When I attempt to startup a Docker container via PHP I get the following error
level="fatal" msg="Get http:///var/run/docker.sock/v1.16/containers/json?limit=1: dial unix /var/run/docker.sock: permission denied. Are you trying to connect to a TLS-enabled daemon without TLS?"
I try to execute the docker run
command via shell_exec so the executing user, on Ubuntu 14.04, is www-data. For good measure I tried to run the docker command as sudo but it made no difference. Googling around for “Are you trying….” turns up a few links that may well have some information that is relevant – e.g. here – but I have not been able to make much sense of it yet.
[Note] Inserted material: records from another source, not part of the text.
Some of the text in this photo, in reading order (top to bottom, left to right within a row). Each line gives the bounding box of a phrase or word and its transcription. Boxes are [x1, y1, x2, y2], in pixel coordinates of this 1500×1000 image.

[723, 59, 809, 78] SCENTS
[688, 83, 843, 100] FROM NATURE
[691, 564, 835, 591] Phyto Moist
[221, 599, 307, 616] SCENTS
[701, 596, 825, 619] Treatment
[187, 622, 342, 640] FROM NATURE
Also for good measure I output the Docker command I am trying to execute to stderr, copied it and executed it via SSH directly. Here is that command
docker run -h user118 -d -p 8406:443 -v /var/docks/user118/logs:/var/log/apache2 -v /var/docks/user118/mysql:/var/lib/mysql -v /var/docks/user118/redis:/var/lib/redis -v /var/docks/user118/secure:/var/secure -v /var/docks/user118/site:/var/www/html lamp
followed by
docker ps -a
and then browsing to that container – no issues, everything works perfectly.
I am aware that command is going to provoke comments along the lines of “you should only have one app per container”. That is not the issue here.
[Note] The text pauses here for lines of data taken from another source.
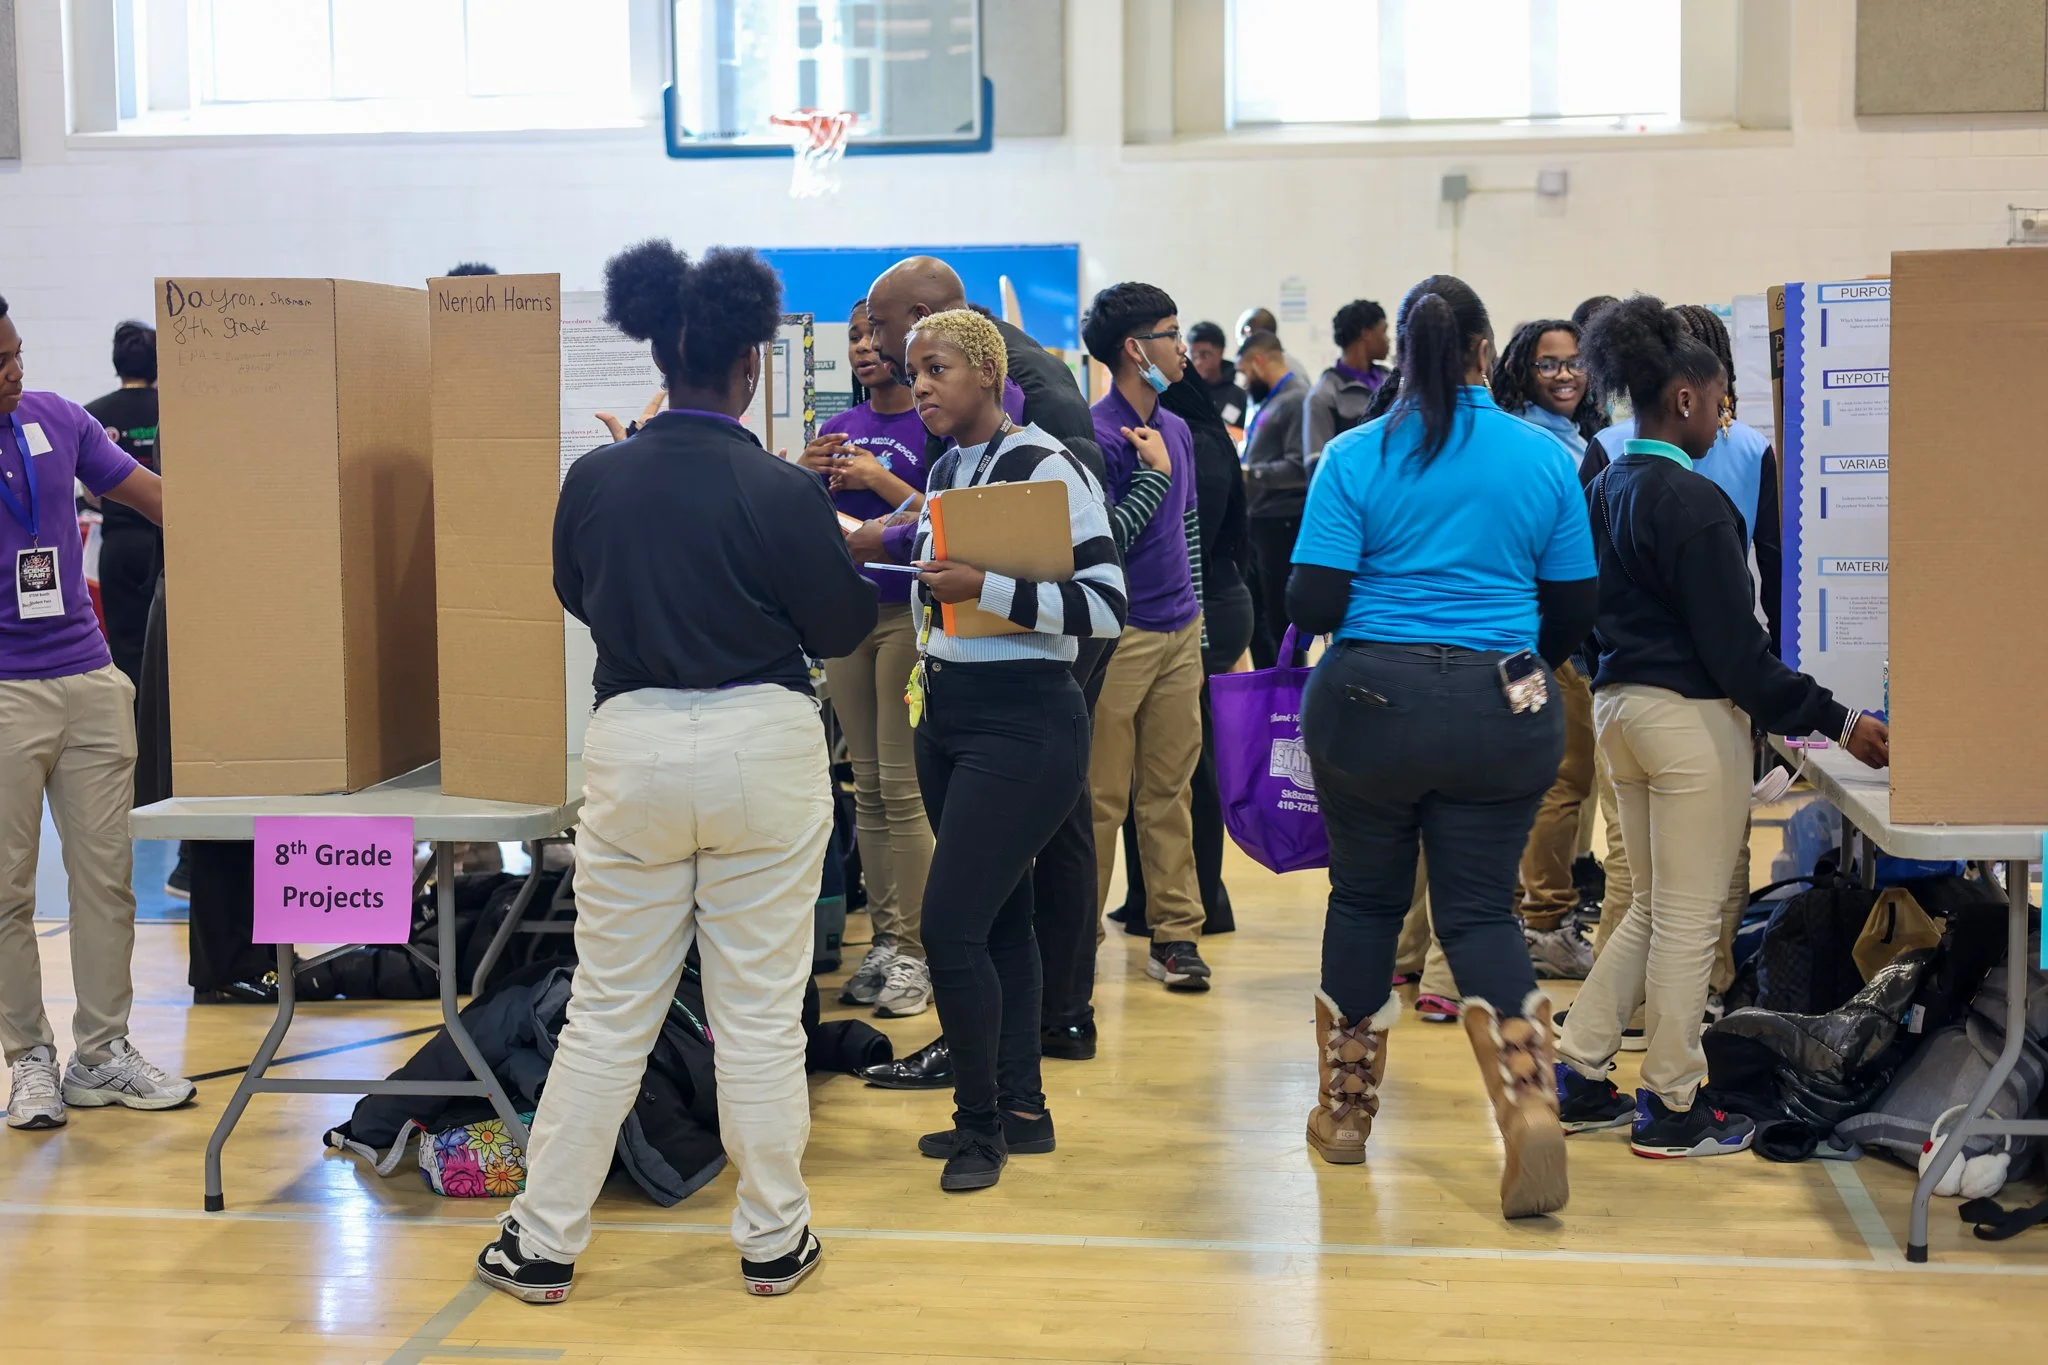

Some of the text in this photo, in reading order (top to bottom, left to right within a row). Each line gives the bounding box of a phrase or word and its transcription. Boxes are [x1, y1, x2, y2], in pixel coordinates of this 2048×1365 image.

[439, 283, 552, 314] Neriah Harris
[173, 316, 213, 345] 8th
[870, 436, 896, 446] MIDDLE
[894, 443, 919, 466] SCHOOL
[275, 840, 392, 866] 8th Grade
[283, 886, 384, 913] Projects
Am I trying the impossible here or is there a relatively simple way to manipulate Docker via a PHP script and shell_exec?
Advertisement
Answer
I am posting this as an answer rather than as a comment since it does in fact resolve the issue. However, I do have reservations about the solution so I am hoping that there are going to be other answers here. I modified sudoers by adding
www-data hostname=(ALL)NOPASSWD:ALL Defaults !requiretty
which offers a complete resolution to the problem – I can now start up the Docker container from a PHP script. Allv very good but I do have some concerns about loosening up sudoers in this way. The environment in which all of this is happening is controlled but even so it does sound like a far from perfect solution.
I tried replacing NOPASSWD:ALL with NOPASSWD:/path/to/script but that does not work since what is expected is NOPASSWD:application.
If anyone could suggest a way that offers a more secure solution I would be most obliged.